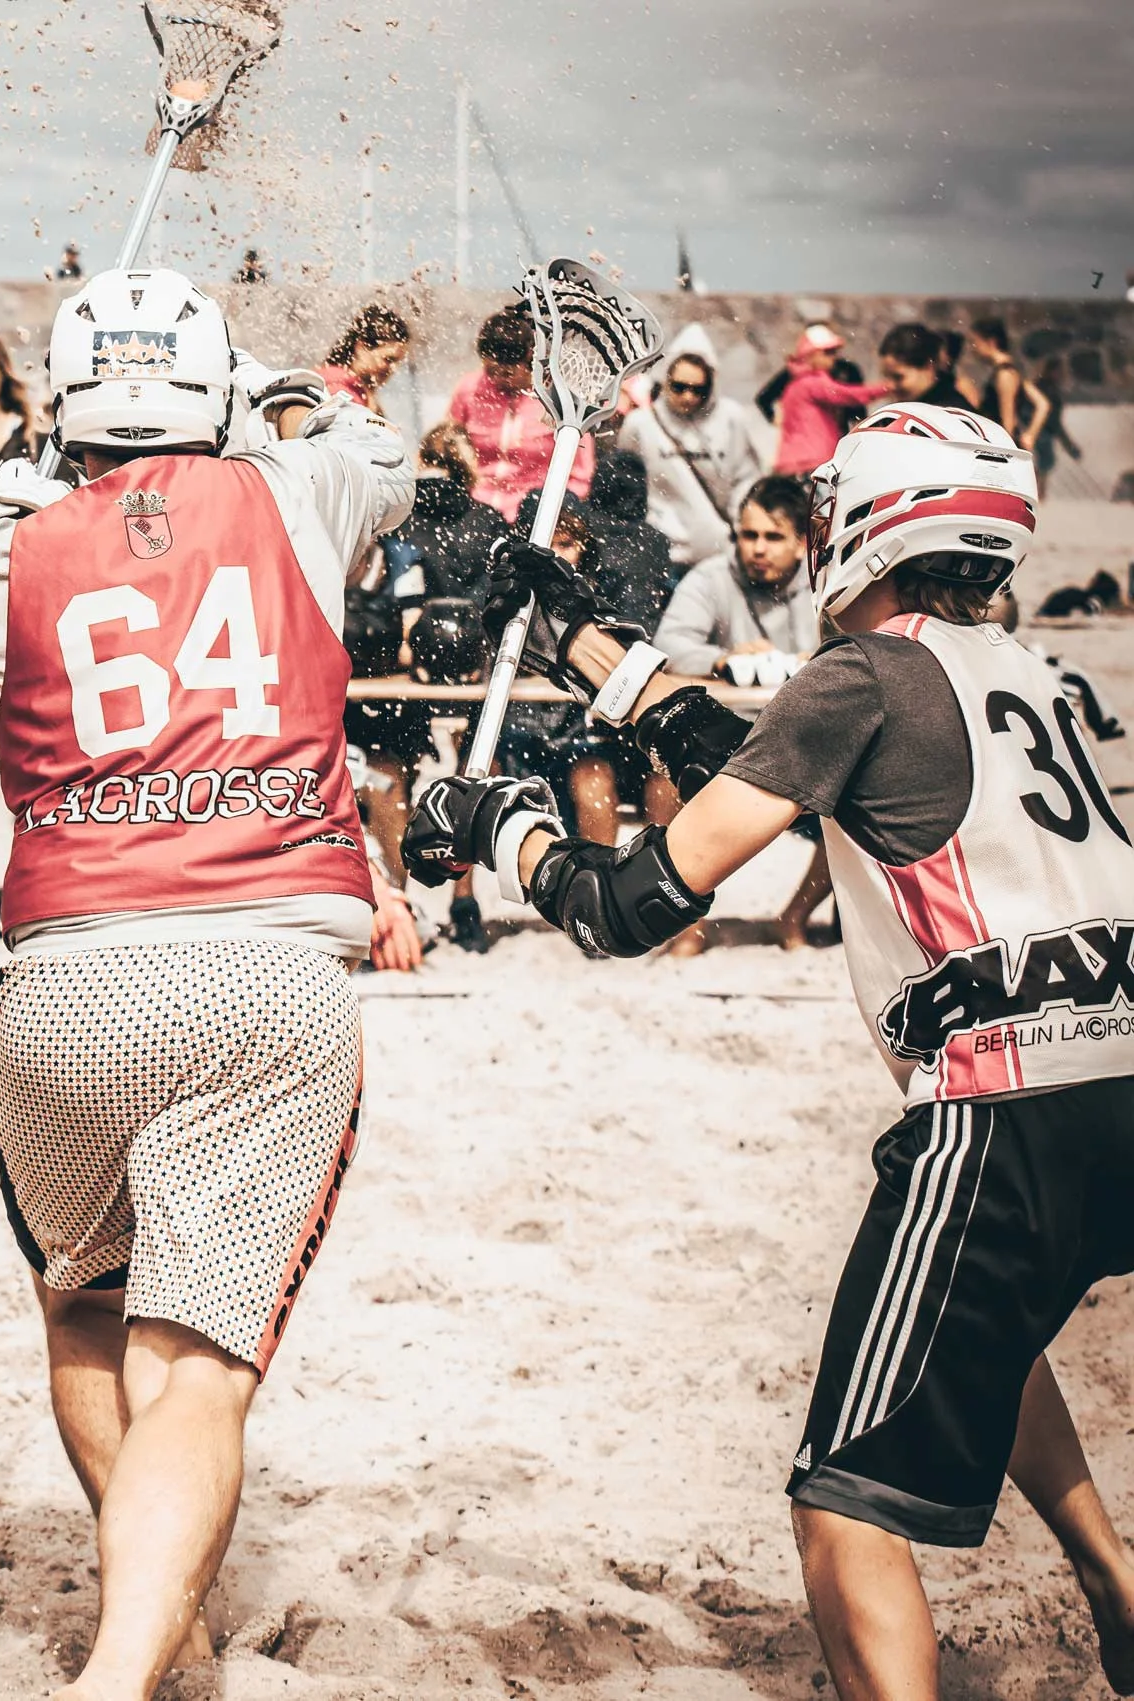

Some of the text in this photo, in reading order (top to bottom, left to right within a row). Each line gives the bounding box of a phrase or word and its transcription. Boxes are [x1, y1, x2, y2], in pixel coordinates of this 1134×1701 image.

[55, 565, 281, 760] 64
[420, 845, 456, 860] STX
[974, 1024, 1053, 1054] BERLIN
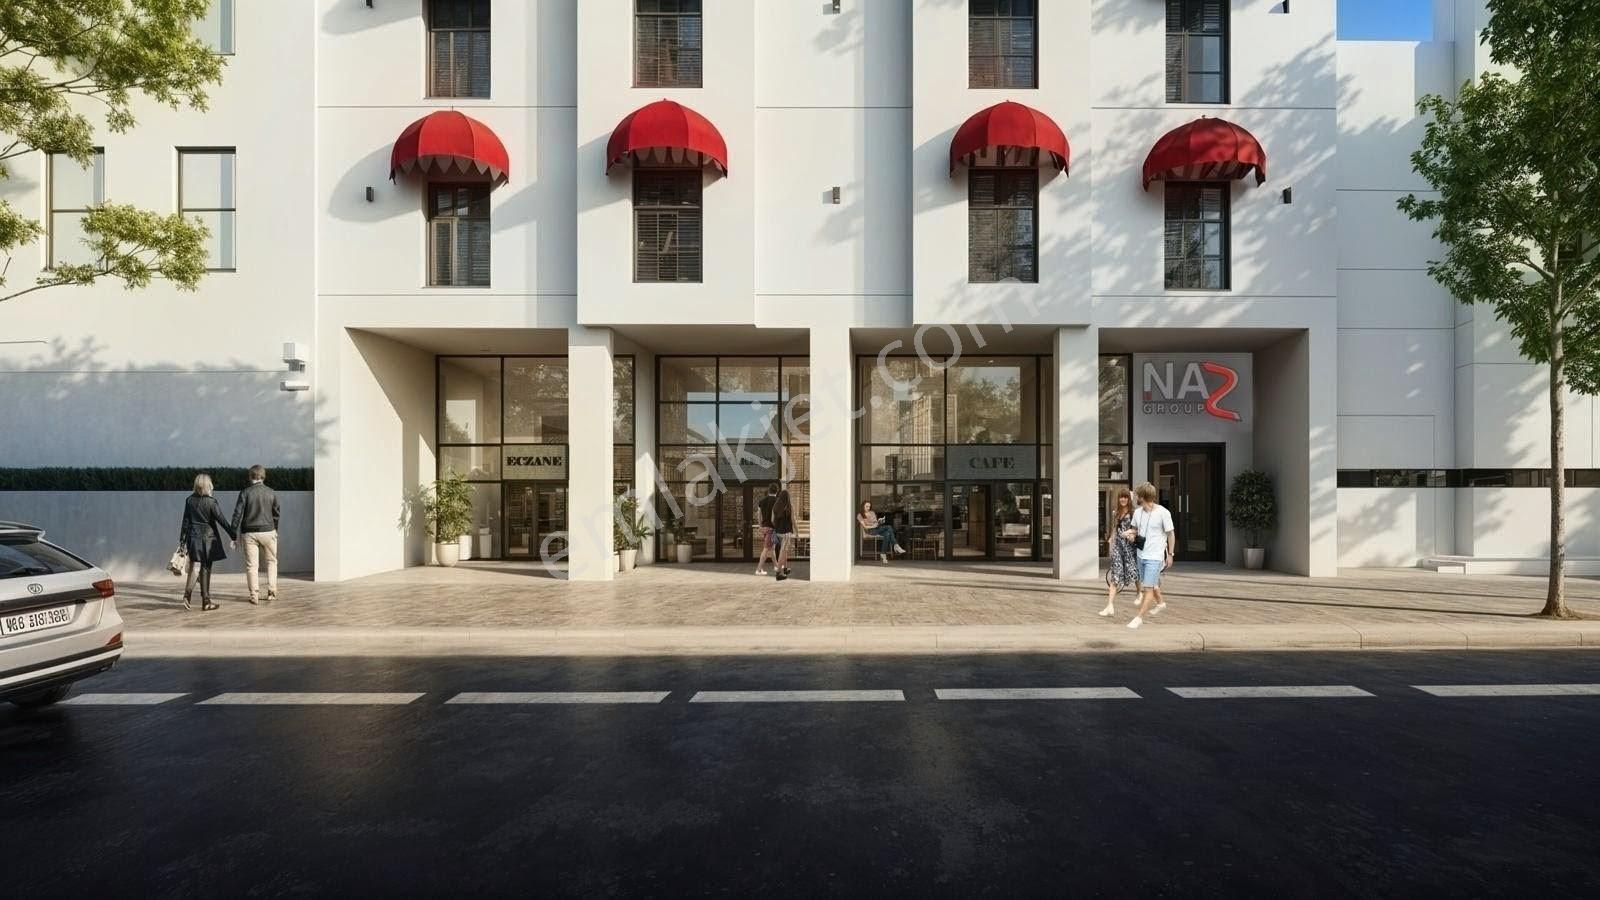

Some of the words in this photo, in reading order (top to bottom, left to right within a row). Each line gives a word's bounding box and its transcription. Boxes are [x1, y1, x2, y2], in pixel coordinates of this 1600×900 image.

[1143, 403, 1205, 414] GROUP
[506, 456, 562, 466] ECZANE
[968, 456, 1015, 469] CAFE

◇ ◇ ◇ ◇ ◇ ◇ ◇

### What this task involves
The entries above should be reproduced exactly, without their pictures.

### Problem solution
Some of the text in this photo, in reading order (top to bottom, left to right within a row). Each line gives the bounding box of a phrase or word and its transcription. Boxes are [x1, y1, x2, y2], in pixel coordinates of this 1134×1701 image.

[55, 565, 281, 760] 64
[420, 845, 456, 860] STX
[974, 1024, 1053, 1054] BERLIN

Some of the words in this photo, in reading order (top to bottom, left to right within a row). Each line gives a word's bounding box and its transcription. Boxes are [x1, y1, x2, y2], in pixel coordinates of this 1600×900 image.

[1143, 403, 1205, 414] GROUP
[506, 456, 562, 466] ECZANE
[968, 456, 1015, 469] CAFE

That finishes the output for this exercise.